-------- Records shown --------

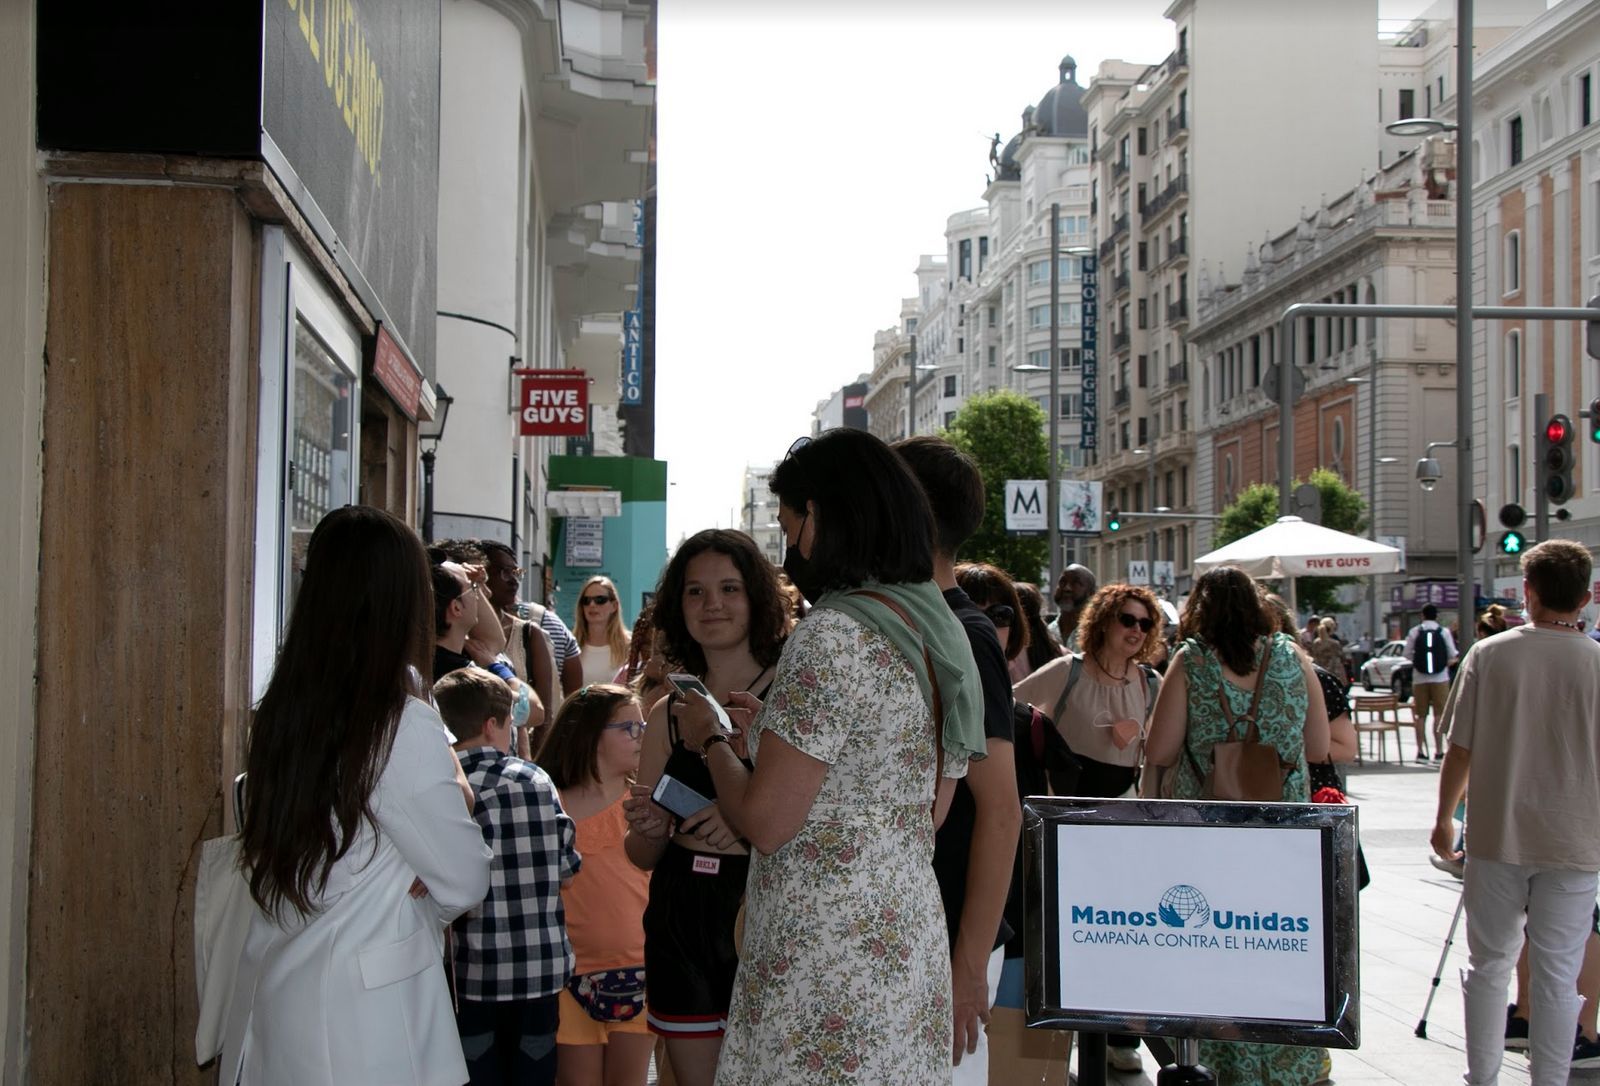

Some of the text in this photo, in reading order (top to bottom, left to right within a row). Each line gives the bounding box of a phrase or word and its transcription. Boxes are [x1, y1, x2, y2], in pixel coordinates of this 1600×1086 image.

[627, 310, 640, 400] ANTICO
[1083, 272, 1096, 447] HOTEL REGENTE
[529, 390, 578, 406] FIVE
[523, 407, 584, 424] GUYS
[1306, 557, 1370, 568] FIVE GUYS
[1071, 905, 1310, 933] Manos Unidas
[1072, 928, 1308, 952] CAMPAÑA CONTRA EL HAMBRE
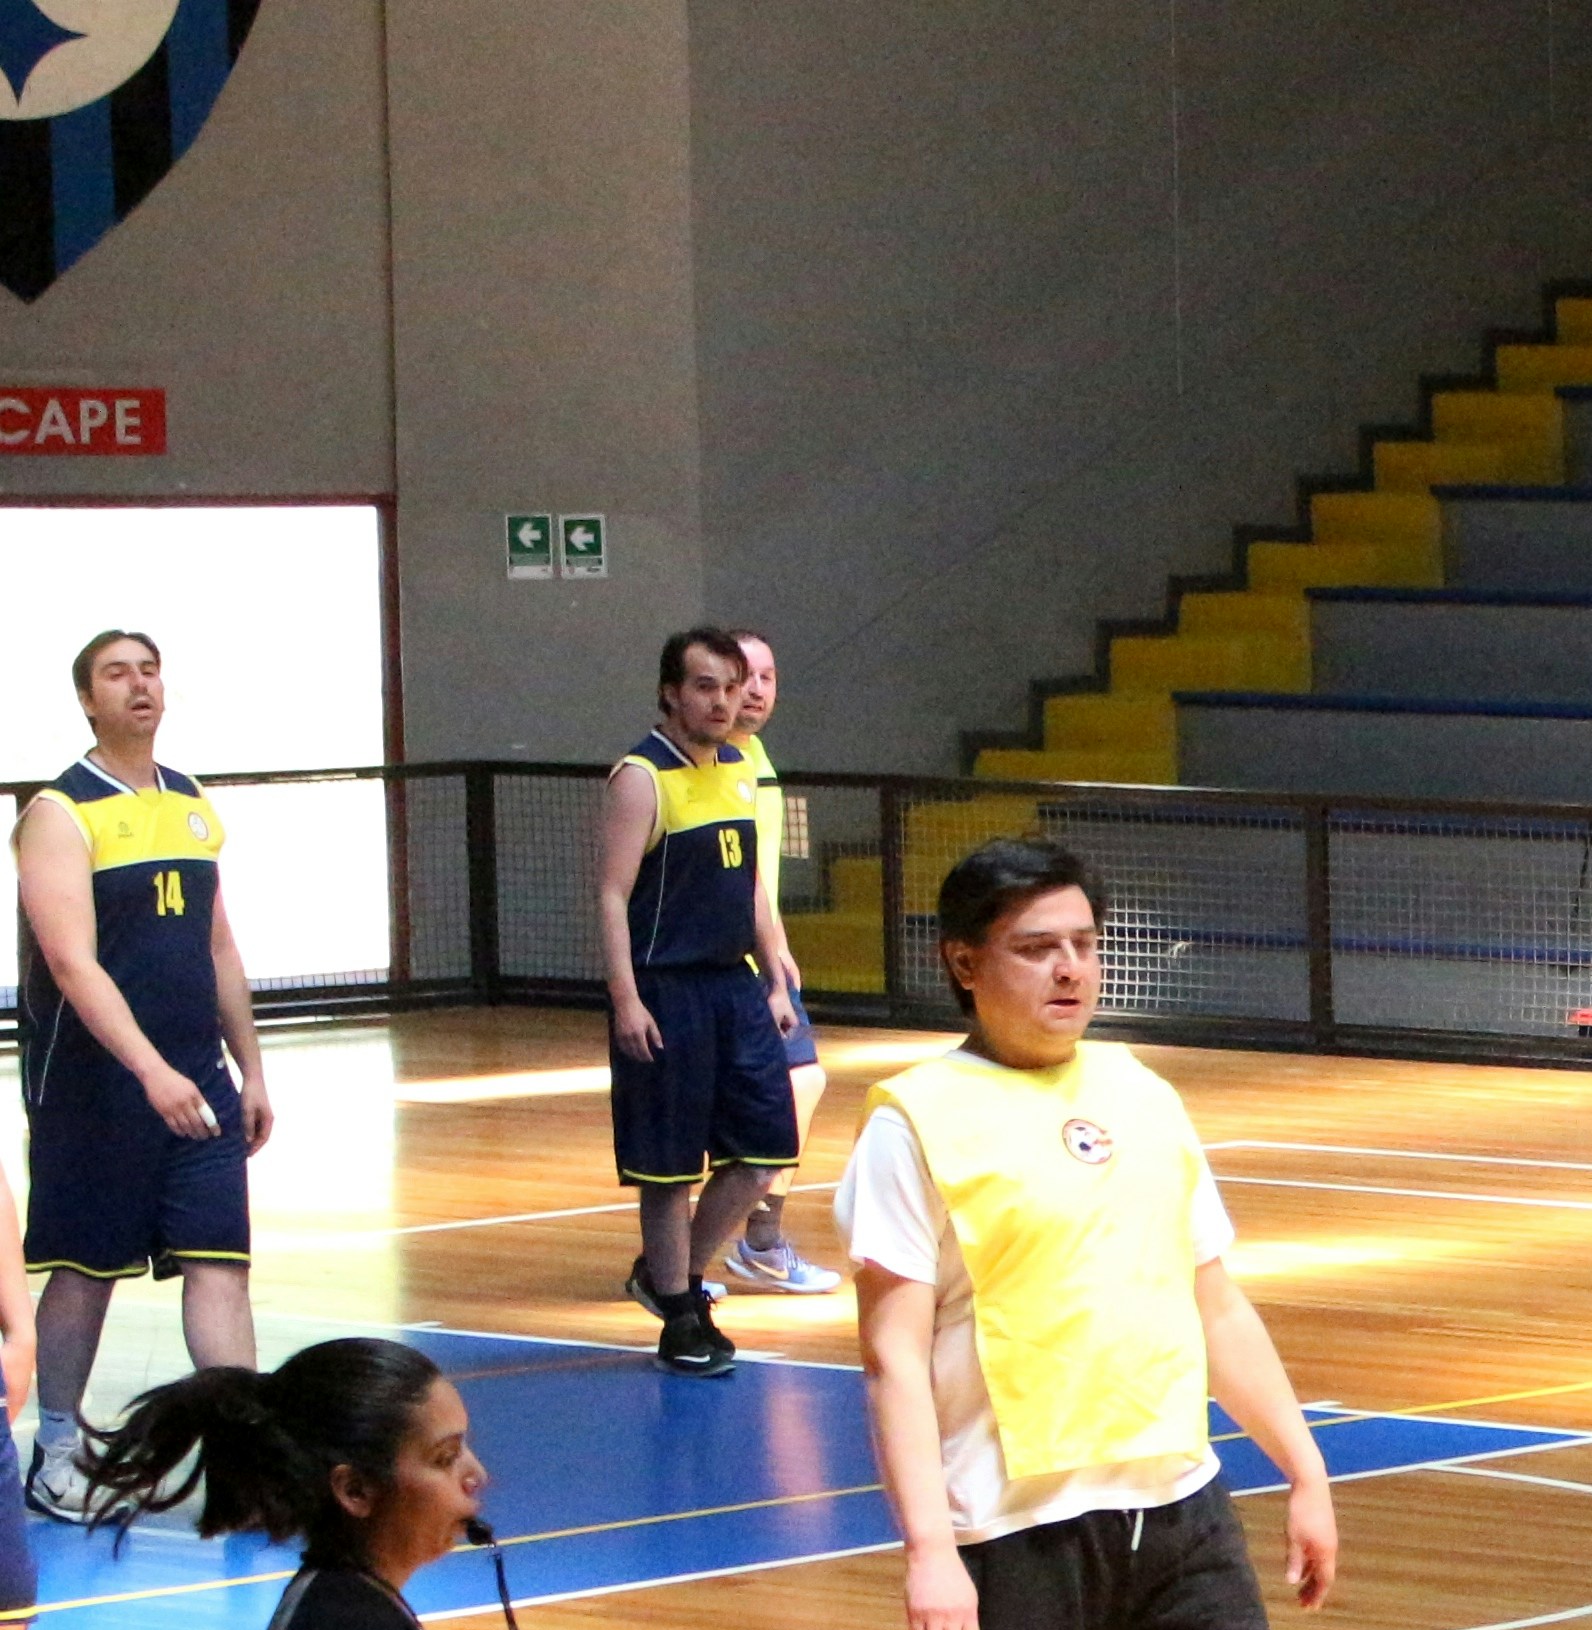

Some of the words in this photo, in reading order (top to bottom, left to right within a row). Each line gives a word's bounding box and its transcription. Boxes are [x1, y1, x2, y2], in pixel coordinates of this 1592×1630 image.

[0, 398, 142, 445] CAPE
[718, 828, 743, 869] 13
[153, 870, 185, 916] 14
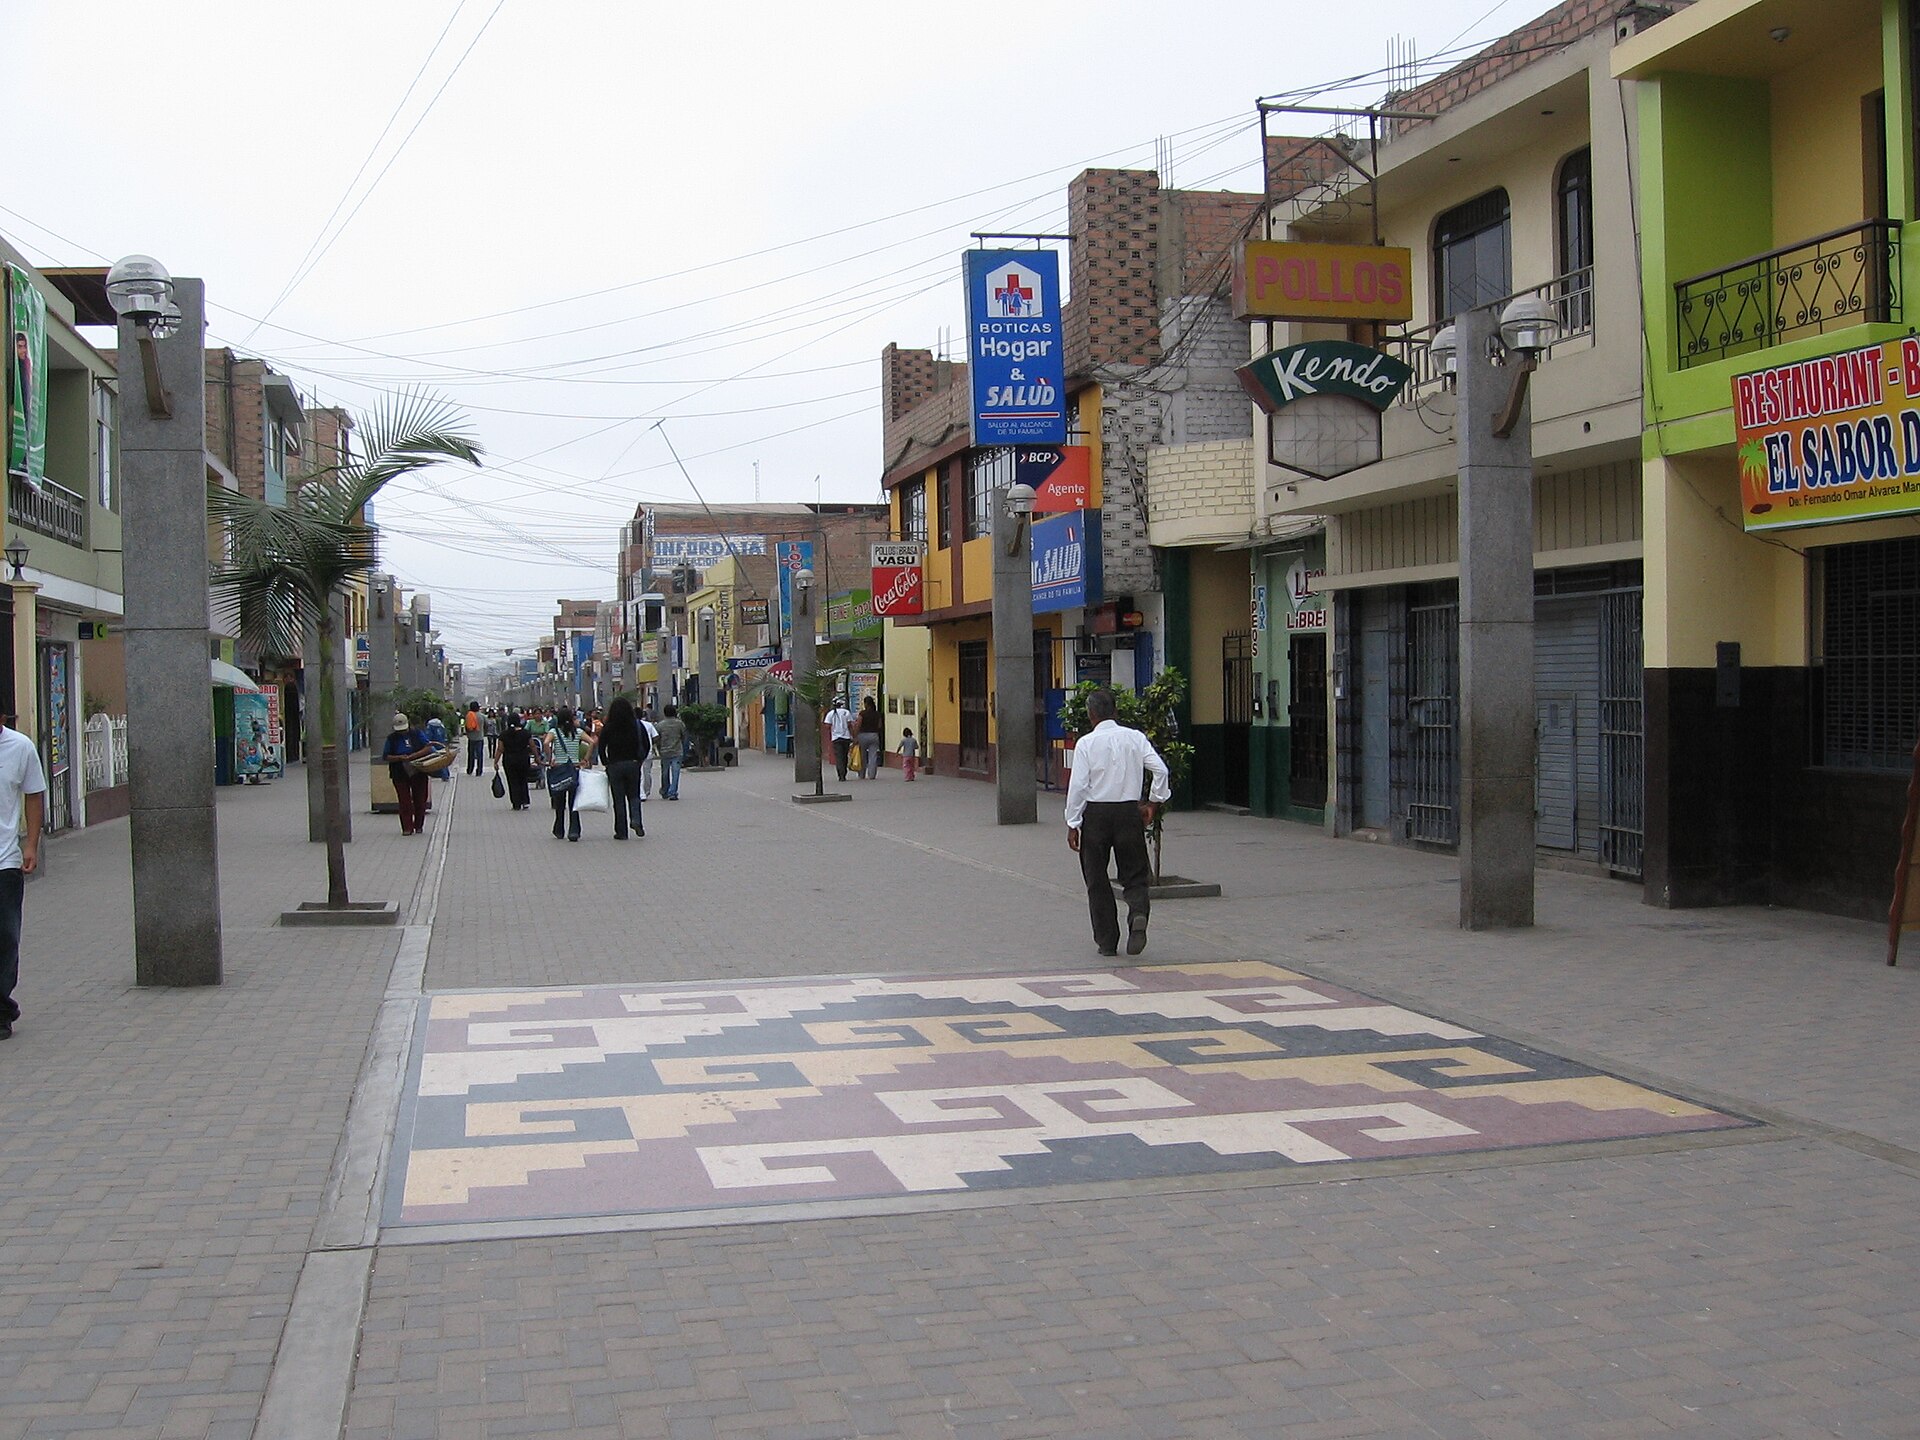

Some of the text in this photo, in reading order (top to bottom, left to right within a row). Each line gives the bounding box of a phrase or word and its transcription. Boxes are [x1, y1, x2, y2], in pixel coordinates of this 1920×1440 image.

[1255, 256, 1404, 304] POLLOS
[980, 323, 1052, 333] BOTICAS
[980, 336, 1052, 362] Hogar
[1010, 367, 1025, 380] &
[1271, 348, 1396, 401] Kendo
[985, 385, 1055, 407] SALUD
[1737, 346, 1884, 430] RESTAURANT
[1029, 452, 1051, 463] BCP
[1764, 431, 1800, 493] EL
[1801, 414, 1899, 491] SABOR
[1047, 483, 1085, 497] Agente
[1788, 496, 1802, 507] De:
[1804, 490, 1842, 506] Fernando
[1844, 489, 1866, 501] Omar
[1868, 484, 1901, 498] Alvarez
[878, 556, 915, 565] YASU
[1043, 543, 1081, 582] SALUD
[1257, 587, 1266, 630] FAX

--------

What you write should match the entries exactly, except that the pictures are dropped.

• [Output of the task]:
Some of the text in this photo, in reading order (top to bottom, left to right within a row). Each line gives the bounding box of a phrase or word and its transcription. Boxes are [x1, y1, x2, y2], in pixel coordinates of this 1600×1086 image.

[627, 310, 640, 400] ANTICO
[1083, 272, 1096, 447] HOTEL REGENTE
[529, 390, 578, 406] FIVE
[523, 407, 584, 424] GUYS
[1306, 557, 1370, 568] FIVE GUYS
[1071, 905, 1310, 933] Manos Unidas
[1072, 928, 1308, 952] CAMPAÑA CONTRA EL HAMBRE

Some of the words in this photo, in reading order (top to bottom, left to right within a row). Each line gives a word's bounding box and its transcription. Boxes are [x1, y1, x2, y2], in pixel coordinates of this 1592×1630 image.

[0, 398, 142, 445] CAPE
[718, 828, 743, 869] 13
[153, 870, 185, 916] 14

Some of the text in this photo, in reading order (top to bottom, left to right within a row). Each line gives the bounding box of a phrase or word and its transcription. Boxes are [x1, y1, x2, y2], in pixel coordinates of this 1920×1440 image.

[1255, 256, 1404, 304] POLLOS
[980, 323, 1052, 333] BOTICAS
[980, 336, 1052, 362] Hogar
[1010, 367, 1025, 380] &
[1271, 348, 1396, 401] Kendo
[985, 385, 1055, 407] SALUD
[1737, 346, 1884, 430] RESTAURANT
[1029, 452, 1051, 463] BCP
[1764, 431, 1800, 493] EL
[1801, 414, 1899, 491] SABOR
[1047, 483, 1085, 497] Agente
[1788, 496, 1802, 507] De:
[1804, 490, 1842, 506] Fernando
[1844, 489, 1866, 501] Omar
[1868, 484, 1901, 498] Alvarez
[878, 556, 915, 565] YASU
[1043, 543, 1081, 582] SALUD
[1257, 587, 1266, 630] FAX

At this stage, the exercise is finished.